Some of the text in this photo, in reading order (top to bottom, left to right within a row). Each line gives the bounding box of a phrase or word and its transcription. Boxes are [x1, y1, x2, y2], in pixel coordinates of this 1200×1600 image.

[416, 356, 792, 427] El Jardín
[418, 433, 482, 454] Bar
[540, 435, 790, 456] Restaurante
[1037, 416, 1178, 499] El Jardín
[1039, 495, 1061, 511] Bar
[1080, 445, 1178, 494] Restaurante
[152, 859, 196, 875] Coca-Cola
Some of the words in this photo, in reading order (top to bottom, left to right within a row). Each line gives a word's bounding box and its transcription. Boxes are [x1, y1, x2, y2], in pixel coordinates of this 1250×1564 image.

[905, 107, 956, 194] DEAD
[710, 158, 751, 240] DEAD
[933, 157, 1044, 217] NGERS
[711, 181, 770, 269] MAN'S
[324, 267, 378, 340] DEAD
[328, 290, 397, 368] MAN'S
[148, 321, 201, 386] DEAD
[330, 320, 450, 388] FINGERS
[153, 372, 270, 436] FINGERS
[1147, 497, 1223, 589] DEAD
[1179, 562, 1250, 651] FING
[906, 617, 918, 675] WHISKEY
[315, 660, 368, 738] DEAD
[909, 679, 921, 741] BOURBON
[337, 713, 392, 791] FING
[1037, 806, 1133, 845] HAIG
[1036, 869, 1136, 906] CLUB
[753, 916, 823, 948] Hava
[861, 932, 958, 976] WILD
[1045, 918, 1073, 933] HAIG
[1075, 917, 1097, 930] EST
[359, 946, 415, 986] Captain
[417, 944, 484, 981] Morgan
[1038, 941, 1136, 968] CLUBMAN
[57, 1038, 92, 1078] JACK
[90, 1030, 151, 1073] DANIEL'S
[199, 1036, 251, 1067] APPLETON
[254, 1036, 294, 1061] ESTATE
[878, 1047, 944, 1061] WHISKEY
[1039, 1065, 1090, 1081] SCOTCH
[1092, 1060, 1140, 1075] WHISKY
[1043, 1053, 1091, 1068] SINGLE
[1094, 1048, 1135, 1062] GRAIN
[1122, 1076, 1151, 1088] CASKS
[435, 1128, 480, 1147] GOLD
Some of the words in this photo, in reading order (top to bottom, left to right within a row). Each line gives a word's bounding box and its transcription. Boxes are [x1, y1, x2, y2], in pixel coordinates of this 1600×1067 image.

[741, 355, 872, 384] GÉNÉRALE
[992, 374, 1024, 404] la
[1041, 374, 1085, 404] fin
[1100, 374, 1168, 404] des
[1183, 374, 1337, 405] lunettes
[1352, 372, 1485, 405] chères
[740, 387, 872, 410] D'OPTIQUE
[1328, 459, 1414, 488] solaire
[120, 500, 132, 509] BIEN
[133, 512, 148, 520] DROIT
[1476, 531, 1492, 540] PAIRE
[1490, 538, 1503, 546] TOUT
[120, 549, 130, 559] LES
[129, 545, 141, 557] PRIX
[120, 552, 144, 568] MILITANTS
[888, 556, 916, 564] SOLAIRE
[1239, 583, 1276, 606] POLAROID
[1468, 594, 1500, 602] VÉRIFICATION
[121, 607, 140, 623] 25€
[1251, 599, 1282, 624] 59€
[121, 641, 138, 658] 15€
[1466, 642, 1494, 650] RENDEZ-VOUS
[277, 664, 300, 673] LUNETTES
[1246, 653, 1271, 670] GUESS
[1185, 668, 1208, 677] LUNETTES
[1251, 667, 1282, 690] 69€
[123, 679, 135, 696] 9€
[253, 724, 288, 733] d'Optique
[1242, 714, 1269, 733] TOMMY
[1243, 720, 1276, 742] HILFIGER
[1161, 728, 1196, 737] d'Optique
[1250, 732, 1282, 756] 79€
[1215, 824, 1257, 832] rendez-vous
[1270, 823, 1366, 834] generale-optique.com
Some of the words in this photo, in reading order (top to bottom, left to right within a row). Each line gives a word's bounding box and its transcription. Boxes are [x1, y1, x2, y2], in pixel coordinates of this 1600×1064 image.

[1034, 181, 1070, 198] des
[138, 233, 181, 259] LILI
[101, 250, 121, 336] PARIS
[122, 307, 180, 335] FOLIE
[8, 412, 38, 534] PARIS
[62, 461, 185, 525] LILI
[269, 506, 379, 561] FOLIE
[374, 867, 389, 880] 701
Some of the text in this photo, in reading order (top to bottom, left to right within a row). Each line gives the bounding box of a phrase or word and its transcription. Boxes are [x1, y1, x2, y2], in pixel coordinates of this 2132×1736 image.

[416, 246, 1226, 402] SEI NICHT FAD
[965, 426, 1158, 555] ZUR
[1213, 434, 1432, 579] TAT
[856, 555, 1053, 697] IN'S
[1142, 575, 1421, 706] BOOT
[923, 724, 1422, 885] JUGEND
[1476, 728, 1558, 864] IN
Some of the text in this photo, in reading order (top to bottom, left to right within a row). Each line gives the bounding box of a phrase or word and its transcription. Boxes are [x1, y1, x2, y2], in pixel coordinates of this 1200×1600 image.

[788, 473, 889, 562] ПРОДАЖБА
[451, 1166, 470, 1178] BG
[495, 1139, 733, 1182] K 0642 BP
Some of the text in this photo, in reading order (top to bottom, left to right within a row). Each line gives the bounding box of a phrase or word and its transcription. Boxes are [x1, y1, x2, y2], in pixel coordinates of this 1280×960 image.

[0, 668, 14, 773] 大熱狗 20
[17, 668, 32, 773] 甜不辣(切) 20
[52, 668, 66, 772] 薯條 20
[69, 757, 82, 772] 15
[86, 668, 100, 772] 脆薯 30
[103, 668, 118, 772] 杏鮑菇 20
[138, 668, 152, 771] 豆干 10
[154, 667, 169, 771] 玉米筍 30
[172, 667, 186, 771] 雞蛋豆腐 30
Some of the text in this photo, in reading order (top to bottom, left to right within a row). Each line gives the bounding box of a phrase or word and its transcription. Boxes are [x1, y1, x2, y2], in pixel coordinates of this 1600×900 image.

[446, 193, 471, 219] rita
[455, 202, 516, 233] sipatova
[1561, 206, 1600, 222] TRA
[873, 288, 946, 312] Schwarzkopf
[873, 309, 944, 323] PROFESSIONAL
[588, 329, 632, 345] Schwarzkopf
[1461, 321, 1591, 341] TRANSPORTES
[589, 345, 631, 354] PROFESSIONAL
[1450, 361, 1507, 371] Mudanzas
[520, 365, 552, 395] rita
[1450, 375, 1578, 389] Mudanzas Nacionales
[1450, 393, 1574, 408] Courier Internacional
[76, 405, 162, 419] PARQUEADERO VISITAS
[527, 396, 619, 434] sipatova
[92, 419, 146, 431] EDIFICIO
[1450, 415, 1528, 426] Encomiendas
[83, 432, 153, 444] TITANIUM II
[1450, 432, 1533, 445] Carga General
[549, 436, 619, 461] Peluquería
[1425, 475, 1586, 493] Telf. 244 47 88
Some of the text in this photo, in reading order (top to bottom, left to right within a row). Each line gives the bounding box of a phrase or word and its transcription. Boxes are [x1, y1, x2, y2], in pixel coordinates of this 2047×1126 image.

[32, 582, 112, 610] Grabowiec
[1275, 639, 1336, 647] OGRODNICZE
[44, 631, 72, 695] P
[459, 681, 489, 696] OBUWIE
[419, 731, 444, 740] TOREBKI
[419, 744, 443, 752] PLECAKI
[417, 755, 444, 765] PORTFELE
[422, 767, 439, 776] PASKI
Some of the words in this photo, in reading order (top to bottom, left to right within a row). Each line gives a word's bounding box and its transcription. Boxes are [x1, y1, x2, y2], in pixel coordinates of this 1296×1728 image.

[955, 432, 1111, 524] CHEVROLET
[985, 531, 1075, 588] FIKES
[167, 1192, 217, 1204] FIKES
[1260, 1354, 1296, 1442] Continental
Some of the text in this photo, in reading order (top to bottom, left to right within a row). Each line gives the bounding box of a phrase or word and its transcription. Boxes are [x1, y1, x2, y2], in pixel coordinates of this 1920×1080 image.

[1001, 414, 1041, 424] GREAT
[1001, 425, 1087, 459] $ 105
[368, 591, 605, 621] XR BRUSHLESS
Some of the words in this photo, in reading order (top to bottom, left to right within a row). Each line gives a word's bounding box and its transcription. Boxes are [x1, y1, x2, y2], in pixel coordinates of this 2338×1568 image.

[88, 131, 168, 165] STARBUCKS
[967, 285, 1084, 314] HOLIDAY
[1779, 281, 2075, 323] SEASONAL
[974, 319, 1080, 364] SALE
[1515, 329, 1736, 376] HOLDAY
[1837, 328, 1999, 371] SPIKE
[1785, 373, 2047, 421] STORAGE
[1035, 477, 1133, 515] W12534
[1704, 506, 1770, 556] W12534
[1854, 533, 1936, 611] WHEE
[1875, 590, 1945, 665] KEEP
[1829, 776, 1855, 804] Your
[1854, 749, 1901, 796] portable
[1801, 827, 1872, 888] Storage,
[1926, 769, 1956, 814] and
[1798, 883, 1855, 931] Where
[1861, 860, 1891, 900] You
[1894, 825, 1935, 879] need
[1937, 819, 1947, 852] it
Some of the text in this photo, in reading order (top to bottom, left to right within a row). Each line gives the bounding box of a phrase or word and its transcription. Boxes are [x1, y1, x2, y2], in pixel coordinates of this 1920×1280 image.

----------------------------------------

A faithful copy of the lines from the line containing "this 2338×1568 image." to the end of the data should be set down, both ends included, and nothing more.

**Written answer:**
Some of the words in this photo, in reading order (top to bottom, left to right within a row). Each line gives a word's bounding box and its transcription. Boxes are [x1, y1, x2, y2], in pixel coordinates of this 2338×1568 image.

[88, 131, 168, 165] STARBUCKS
[967, 285, 1084, 314] HOLIDAY
[1779, 281, 2075, 323] SEASONAL
[974, 319, 1080, 364] SALE
[1515, 329, 1736, 376] HOLDAY
[1837, 328, 1999, 371] SPIKE
[1785, 373, 2047, 421] STORAGE
[1035, 477, 1133, 515] W12534
[1704, 506, 1770, 556] W12534
[1854, 533, 1936, 611] WHEE
[1875, 590, 1945, 665] KEEP
[1829, 776, 1855, 804] Your
[1854, 749, 1901, 796] portable
[1801, 827, 1872, 888] Storage,
[1926, 769, 1956, 814] and
[1798, 883, 1855, 931] Where
[1861, 860, 1891, 900] You
[1894, 825, 1935, 879] need
[1937, 819, 1947, 852] it
Some of the text in this photo, in reading order (top to bottom, left to right within a row). Each line gives the bounding box of a phrase or word and its transcription. Boxes are [x1, y1, x2, y2], in pixel coordinates of this 1920×1280 image.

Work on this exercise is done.